SMI's Rule 68 Offer included $14,000 in statutory damages at $500 for each of the 28 calls, an additional $1, court costs, and SMI's self-imposed injunction that it “shall not place any non-emergency calls to Plaintiff at [the Number] using an automatic telephone dialing system or pre-recorded or artificial voice.” The Rule 68 Offer, being made pursuant to Federal Rule of Civil Procedure 68, would allow for a judgment to be entered against SMI. Consequently, SMI's Rule 68 Offer provides all of the relief Plaintiff could obtain, plus $1, rendering this matter moot. Cf. Jordan v. ER Solutions, Inc., 900 F. Supp. 2d 1323 (S.D. Fla. 2012) (debt collector's offer of damages and reasonable attorneys' fees did not render consumer's claims under the Fair Debt Collection Practices Act (FDCPA) and Telephone Consumer Protection Act (TCPA) moot as an offer of all relief sought where the debt collector did not offer to allow court to enter judgment against it).
IV. CONCLUSION
*6 Having determined that Defendant's Rule 68 Offer provides to Plaintiff the maximum relief affordable under the TCPA, resulting in a lack of “case” or “controversy” going forward, dismissal is not only appropriate, but legally mandated by Article III of the United States Constitution. Accordingly, Defendant Sallie Mae, Inc.'s Motion to Dismiss for Lack of Subject Matter Jurisdiction (ECF No. 66) is GRANTED. Plaintiff's Complaint (ECF No. 1) is DISMISSEDwith prejudice for lack of subject matter jurisdiction. A separate judgment in favor of Plaintiff Robert D. Floyd and against Defendant Sallie Mae, Inc. shall issue contemporaneously pursuant to Federal Rule of Civil Procedure 58. The Clerk of Court shall CLOSE this case. All remaining motions, if any, are DENIED as moot.

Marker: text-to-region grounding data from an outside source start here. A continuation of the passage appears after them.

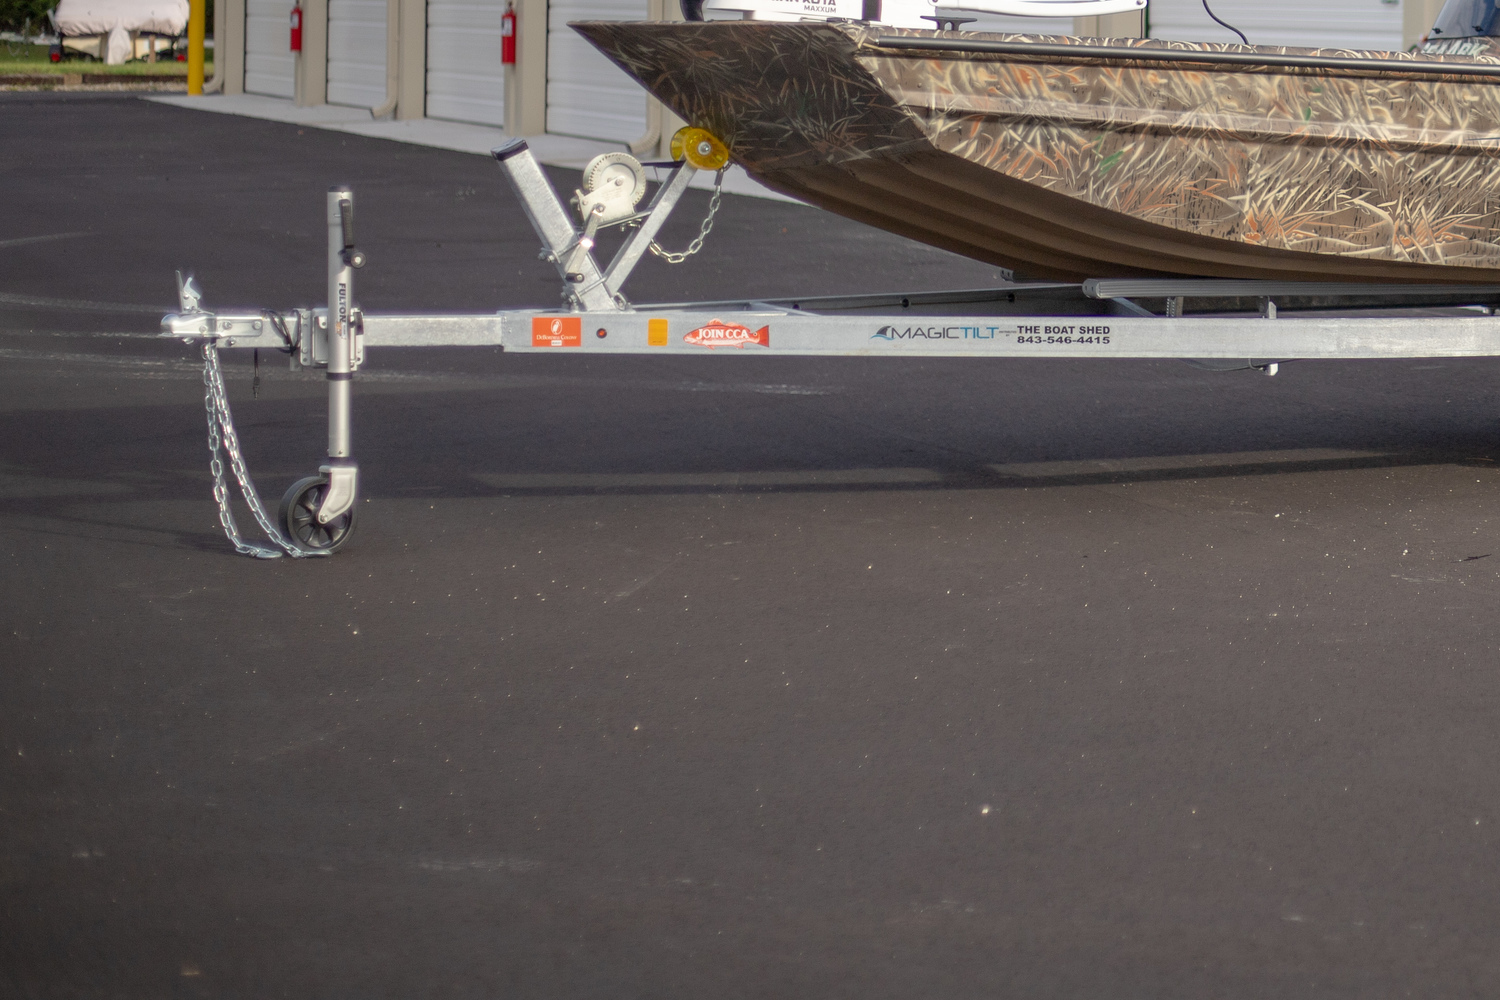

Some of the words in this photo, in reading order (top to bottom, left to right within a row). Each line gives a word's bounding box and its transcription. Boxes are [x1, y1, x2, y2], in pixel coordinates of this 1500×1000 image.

[803, 5, 837, 13] MAXXUM
[696, 329, 723, 340] JOIN
[725, 329, 749, 339] CCA
[892, 327, 999, 339] MAGICTILT
[1017, 326, 1040, 334] THE
[1044, 326, 1075, 334] BOAT
[1079, 326, 1110, 334] SHED
[1017, 336, 1110, 344] 843-546-4415

DONE and ORDERED in chambers at Miami, Florida, this 26th day of June 2013.

Footnotes

While some facts are taken from the Plaintiff's Complaint, they are not accepted, necessarily, as true because Defendant's Motion to Dismiss is grounded upon Rule 12(b)(1) of the Federal Rules of Civil Procedure. See Morrison v. Amway Corp., 323 F.3d 920, 924-25 (“Because at issue in a factual 12(b)(1) motion is the trial court's jurisdiction –its very power to hear the case – there is substantial authority that the trial court is free to weigh the evidence and satisfy itself as to the existence of its power to hear the case. In short, no presumptive truthfulness attaches to plaintiff's allegations, and the existence of disputed material facts will not preclude the trial court from evaluating for itself the merits of the jurisdictional issue.”).
Fed. R. Civ. P. 12(b)(1) challenges a district court's subject matter jurisdiction, thereby challenging its authority to hear an action or certain claims in an action.
The plain language of the statute makes the determination of the defendant's culpability an issue for the court to decide; therefore, Plaintiff's argument that treble damages are a question of fact for the jury is unavailing.
In his Complaint, Plaintiff alleged that SMI “left over 100 prerecorded messages on Plaintiff's cellular telephone during 2011 and 2012.” Compl. ¶ 6. Next, in his January 23, 2013 responses to SMI's Interrogatories, Plaintiff verified under oath that SMI called him 5-6 times per day between October 19, 2011 and June 20, 2012, which would result in 1,225 to 1,470 calls. See Frontino Decl. ¶ 2, Ex. A (Response to Interrogatory Nos. 3-4). An entirely different estimate was proffered at Plaintiff's deposition where he testified that SMI called him 7 times per week, or 245 calls. See Floyd Dep. 24:4-20.